Introduction: Being entitled for no patient co-payment, the Hungarian reimbursement condition of analogue insulins as part of basal-bolus treatment in type 2 diabetes mellitus (T2DM) requires that two HbA(1c) levels should achieve <8.0% target value within 12 months (measured two months apart) after switching from treatment with human insulins. Achieving this target, the treatment should be considered effective from drug reimbursement perspective. Aim: The aims of the study were to investigate the effectiveness of insulin glargine + insulin glulisine basal-bolus regimen from the payer's perspective and to investigate the ability to maintain the achieved glycaemic control in previously uncontrolled T2DM patients (HbA(1c)>9.0%).
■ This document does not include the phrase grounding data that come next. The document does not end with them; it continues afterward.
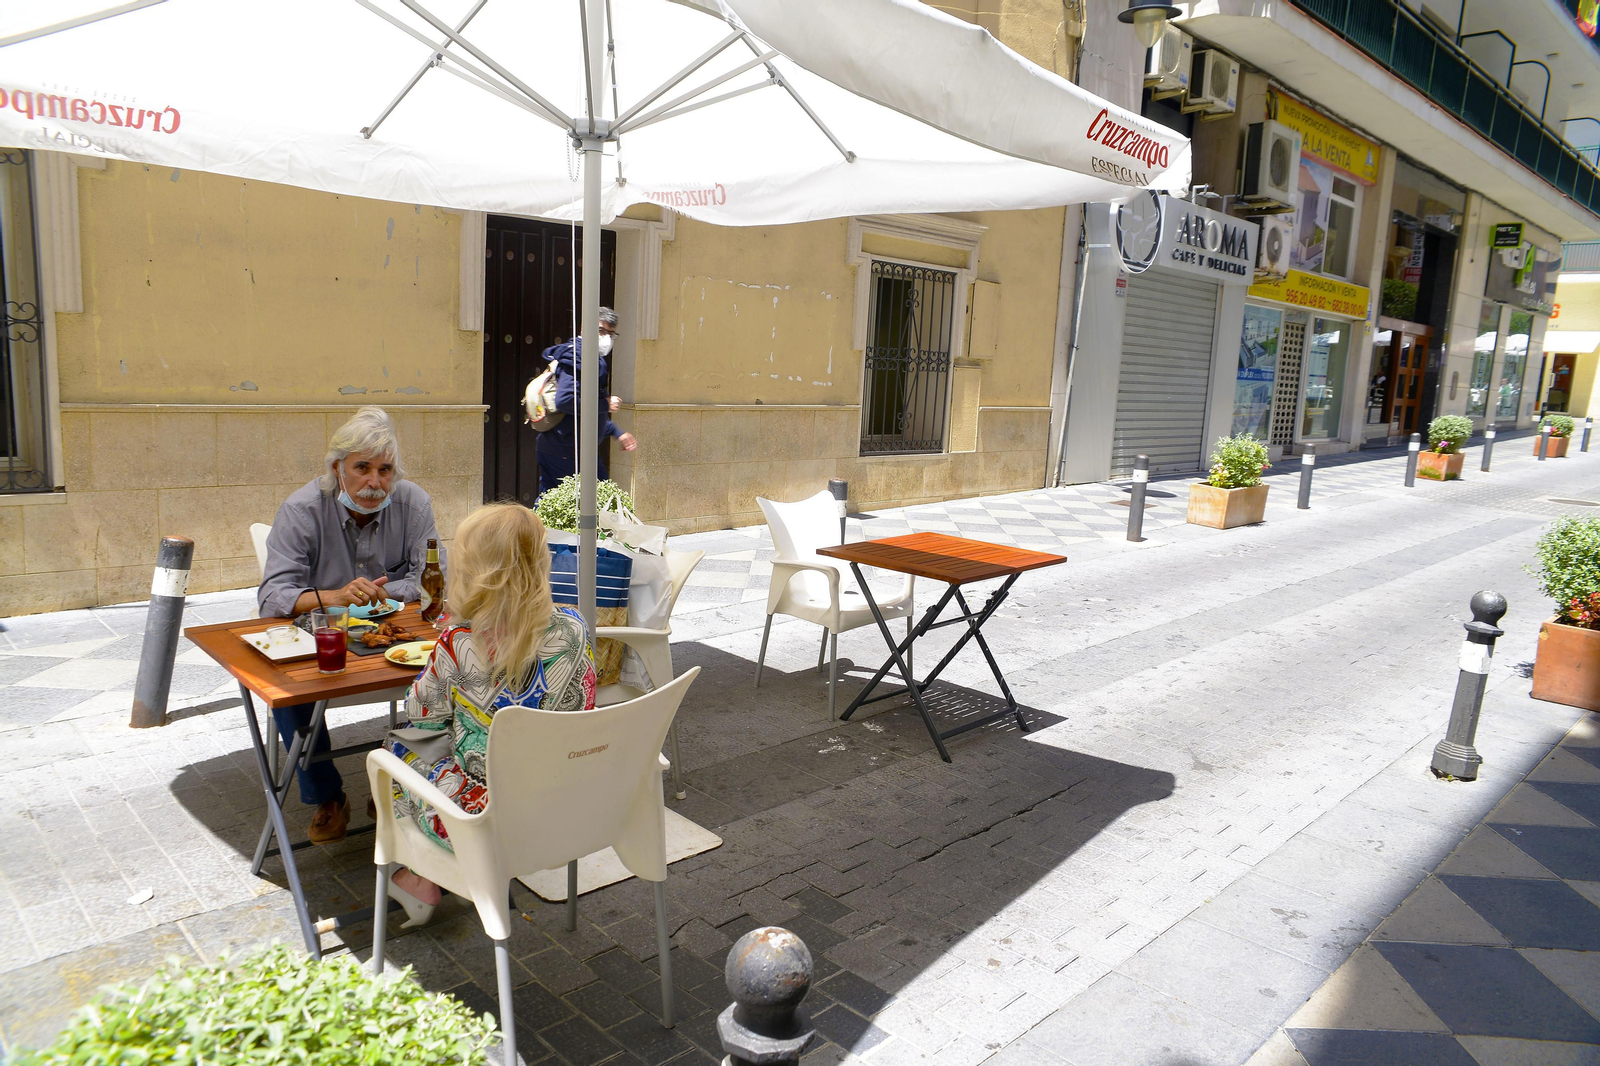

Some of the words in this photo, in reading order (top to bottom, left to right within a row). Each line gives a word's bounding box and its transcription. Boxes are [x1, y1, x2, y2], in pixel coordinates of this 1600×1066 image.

[1283, 104, 1301, 119] NUEVA
[1087, 107, 1169, 169] Cruzcampo
[1311, 135, 1323, 156] LA
[1325, 141, 1351, 170] VENTA
[1175, 212, 1249, 261] AROMA
[1198, 254, 1205, 266] Y
[1207, 257, 1247, 276] DELICIAS
[1286, 288, 1298, 303] 956
[1299, 291, 1308, 305] 20
[1299, 276, 1336, 294] INFORMACIÓN
[1342, 286, 1357, 298] VENTA
[567, 743, 610, 759] Cruzcampo
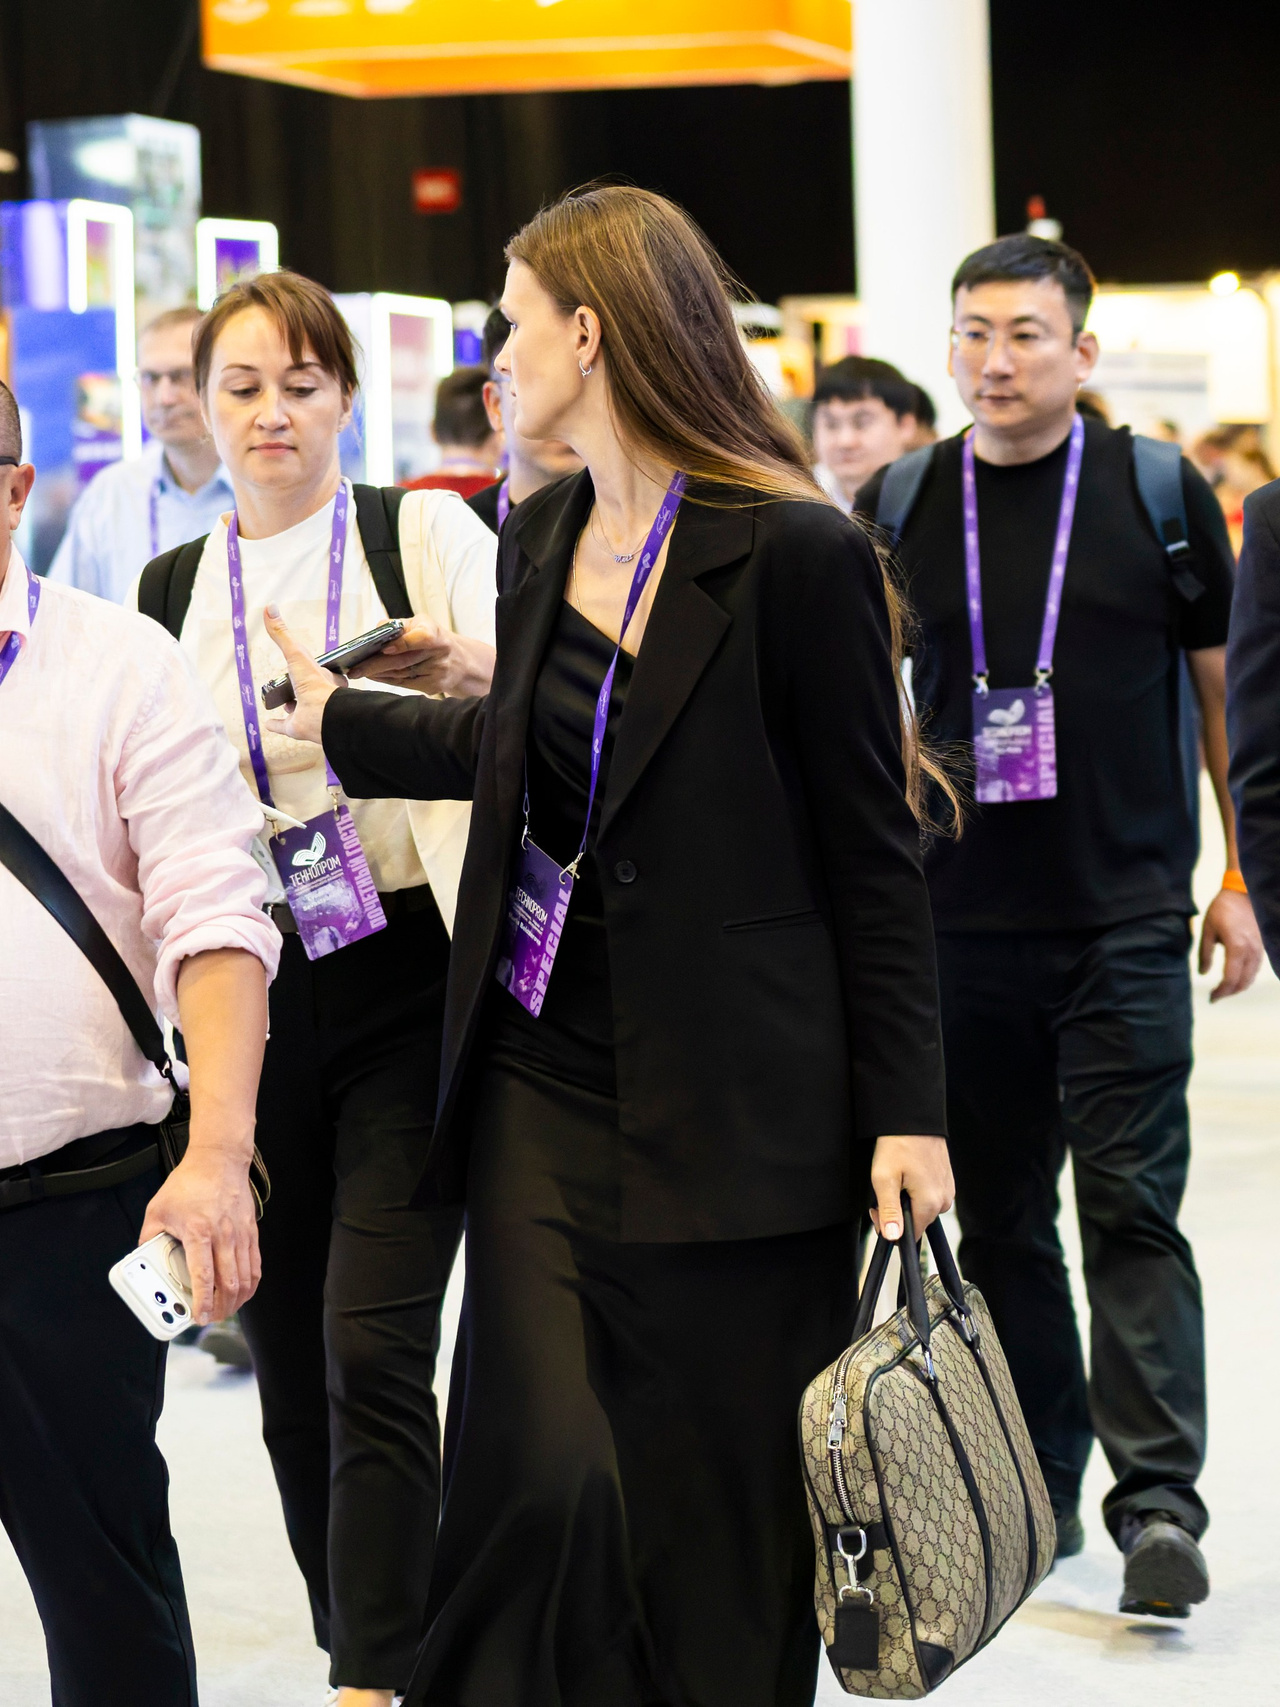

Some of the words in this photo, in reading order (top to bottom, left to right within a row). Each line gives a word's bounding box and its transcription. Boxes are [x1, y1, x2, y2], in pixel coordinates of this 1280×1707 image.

Method: This one-year, non-interventional study included patients with T2DM inadequately controlled (HbA(1c)>9.0%) on previous human basal-bolus treatment. The main outcomes were the proportion of patients who achieved the adequate glycaemic control (defined by the reimbursement rules) and the proportion of patients who achieved reimbursement rules defined HbA(1c)<8.0% target value by the 6 months after switch and could maintain this glycaemic control for upcoming further 6 months. As safety outcome, the hypoglycaemic events were recorded. Results: Out of the 557 patients enrolled, 287 had available data to be included in the efficacy analysis. Out of the 287 efficacy analysis patients, 169 (58.9%) achieved the reimbursement rules defined glycaemic control. At 6 months, 167 patients had HbA(1c) value <8.0% and 152 (91.0%) remained in this target range until the end of the 12-month observational period. Overall, 1221 non-severe and 6 severe hypoglycaemic events were reported. Conclusions: More than half of the patients with T2DM who were newly switched to insulin glargine + glulisine basal-bolus treatment could achieve the reimbursement rule criteria requiring for prescription of the analogue insulins with no co-payment beyond 1 year of treatment in Hungary. However, the results revealed that glycaemic control assessment with HbA(1c) measurements had not met the reimbursement requirements in a significant part of patients.